Ensure that such policies and procedures are communicated to all relevant employees, and provide training where necessary to enable them to understand what each role plays in maintaining effective controls over accounting.

2: Duties Segregation

This involves segregating the duties so that no employee controls all parts of the financial transaction. Segregation of duties is one of the best ways to prevent fraud and error within your business accounting processes.

For example, one employee may be responsible for processing transactions, a second might be involved in reconciling the related accounts, and a third may be required to authorise payments. By segregating those duties, you reduce the opportunity for fraud because misstatements now require collusion among employees.

Where the segregation of duties cannot be completely performed in smaller businesses, other checks and balances should be considered. For example, a manager’s timely review and approval of transactions can reduce risks to a minimum.

3: Establish Effective Access Controls

Access controls are an integral part of good accounting controls. They can help specify who should access your financial systems and data and assure that only authorised personnel represent a certain task.

Begin the process of good access controls by restricting access to sensitive financial information only to those employees who truly need it for their work. This might be accomplished through a role-based access control system, whereby permission is granted according to one’s role in the company. For instance, your accounts payable clerk will likely have to deal with the invoicing system and won’t need access to payroll information.

Also, use passwords, encryption, and other security measures to protect your financial data. Remember to review and update access controls regularly to remain appropriate as your business evolves.

4: Reconcile Accounts Regularly

The other aspect of accounting controls is the regular reconciliation of accounts. This involves checking whether the balance carried forward in the books of accounts agrees with that found on the bank statement.

See Also

Reconciling your accounts regularly will allow you to identify any discrepancies early, solving the problem before it becomes a general issue. For instance, if you have not recorded a bank deposit in your accounting, reconciliation will inform you and make necessary corrections.

If your business generates many transactions, make reconciliations monthly or as often as necessary. This is crucial in ensuring that your financial records are always accurate and helping your UK business accounting comply with the relevant authorities.

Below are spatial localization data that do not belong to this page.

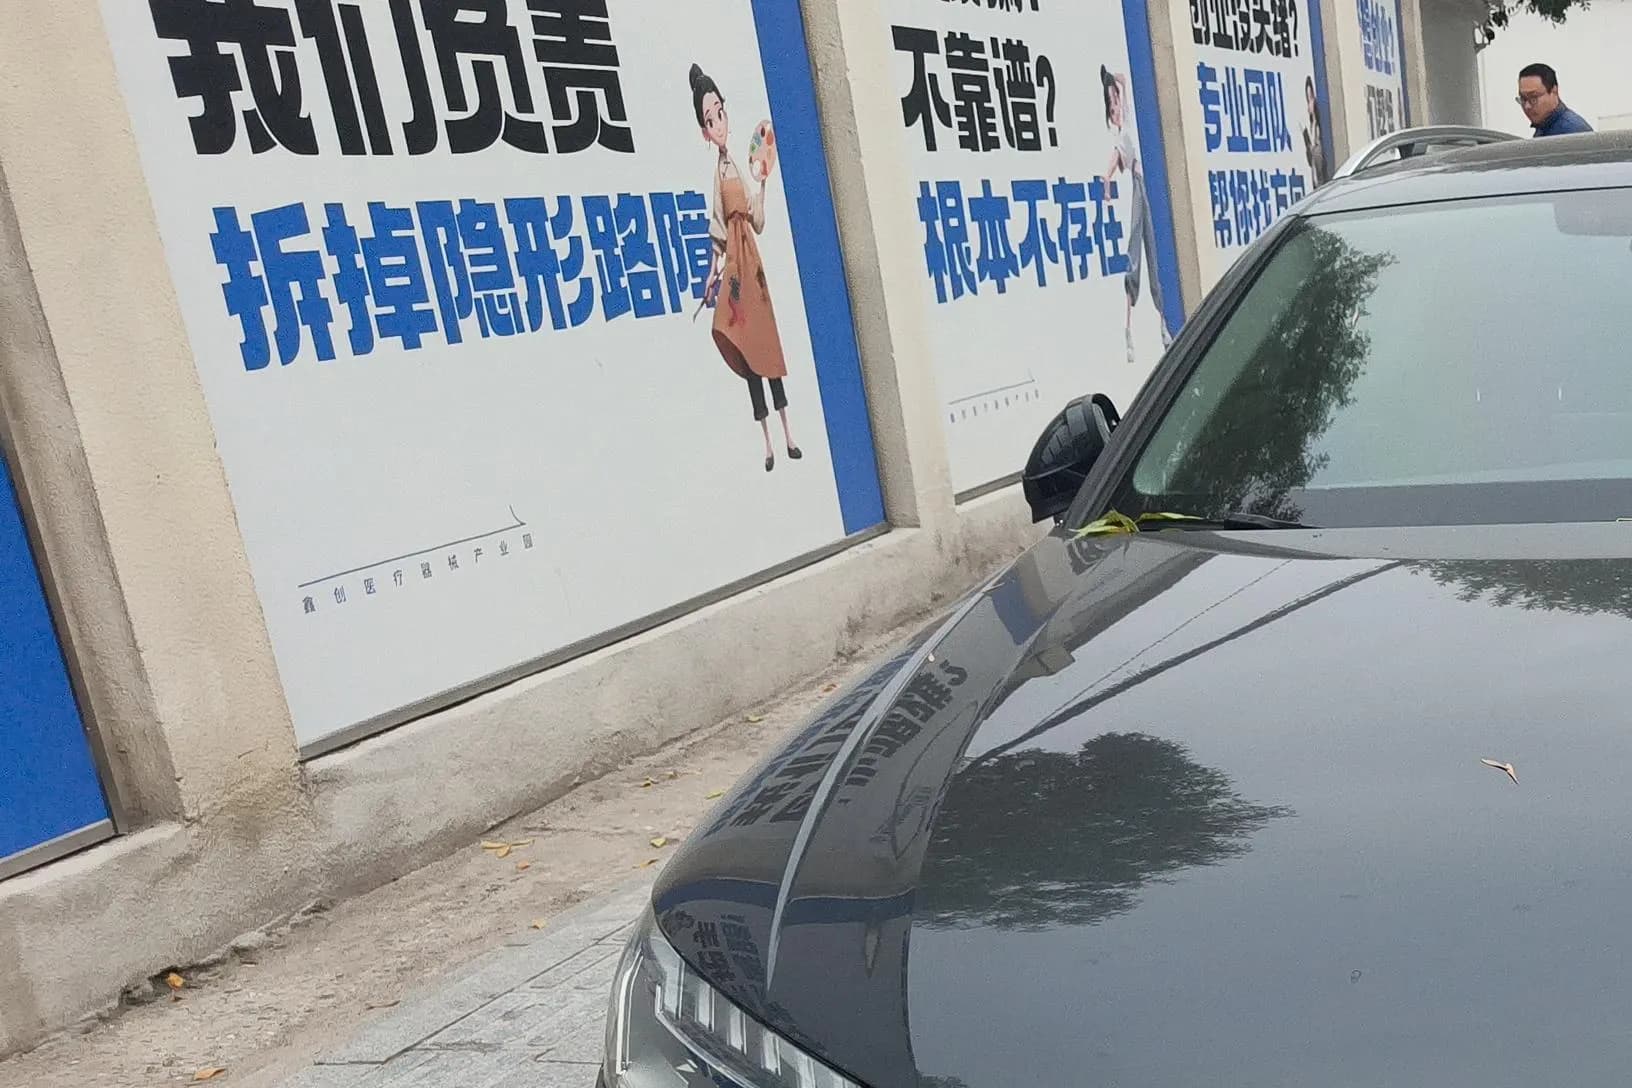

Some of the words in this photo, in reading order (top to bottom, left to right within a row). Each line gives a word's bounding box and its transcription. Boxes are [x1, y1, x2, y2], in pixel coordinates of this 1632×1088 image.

[148, 0, 635, 155] 我们负责
[891, 25, 1058, 151] 不靠谱?
[1197, 61, 1294, 152] 专业团队
[210, 190, 718, 371] 拆掉隐形路障
[917, 175, 1132, 303] 根本不存在

5: Keep a check on your financial reports and review them.

You must monitor and review financial reports regularly to ensure that your accounting controls are working effectively. Such reports provide a snapshot of your business’s financial health and highlight areas where controls may need tightening up or adjustment.

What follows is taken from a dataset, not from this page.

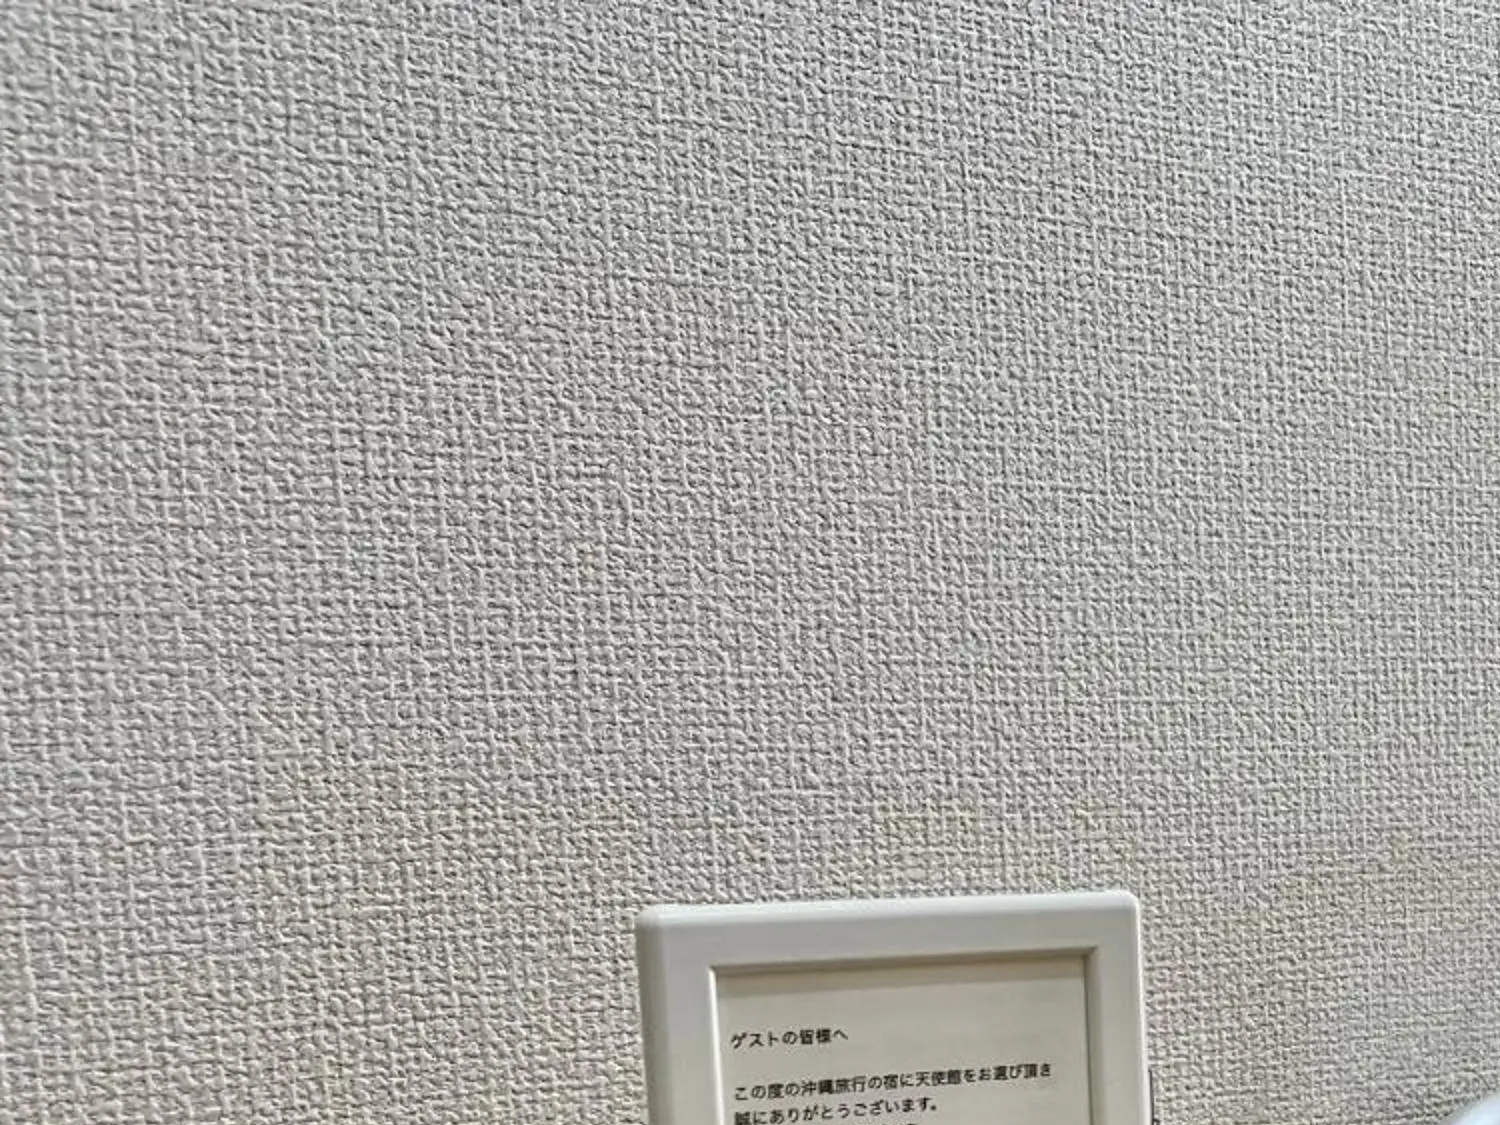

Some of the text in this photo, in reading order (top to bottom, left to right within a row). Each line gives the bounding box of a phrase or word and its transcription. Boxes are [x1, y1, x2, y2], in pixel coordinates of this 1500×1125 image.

[731, 1029, 849, 1049] ゲストの皆様へ

Implement a timetable for reviewing financial reports: an income statement, balance sheet, and cash flow statement. Check unusual or unexpected figures in these reports; these may be mathematical errors or fraud.

Apart from an internal review, you may want an external auditor to review your financial statements from time to time. Such an independent review may further ensure that accounting controls are effective and financial records are accurate.

Conclusion

Accounting controls are segregation, access controls, policies and procedures, account reconciliations, and financial report monitoring actions to ensure that your business will remain healthy from a financial point of view for the long term. By establishing good policies and procedures, segregating duties, implementing sound access controls, regularly reconciling key accounts, and properly monitoring the financial reports, you will have built an adequate framework around your assets and assure proper support for sound financial decision-making.

As this year draws close, it’s time to review your accounting controls and make all necessary changes. This proactive step will help ensure that your end of year account are as accurate as possible and that your business is set up for future growth and success.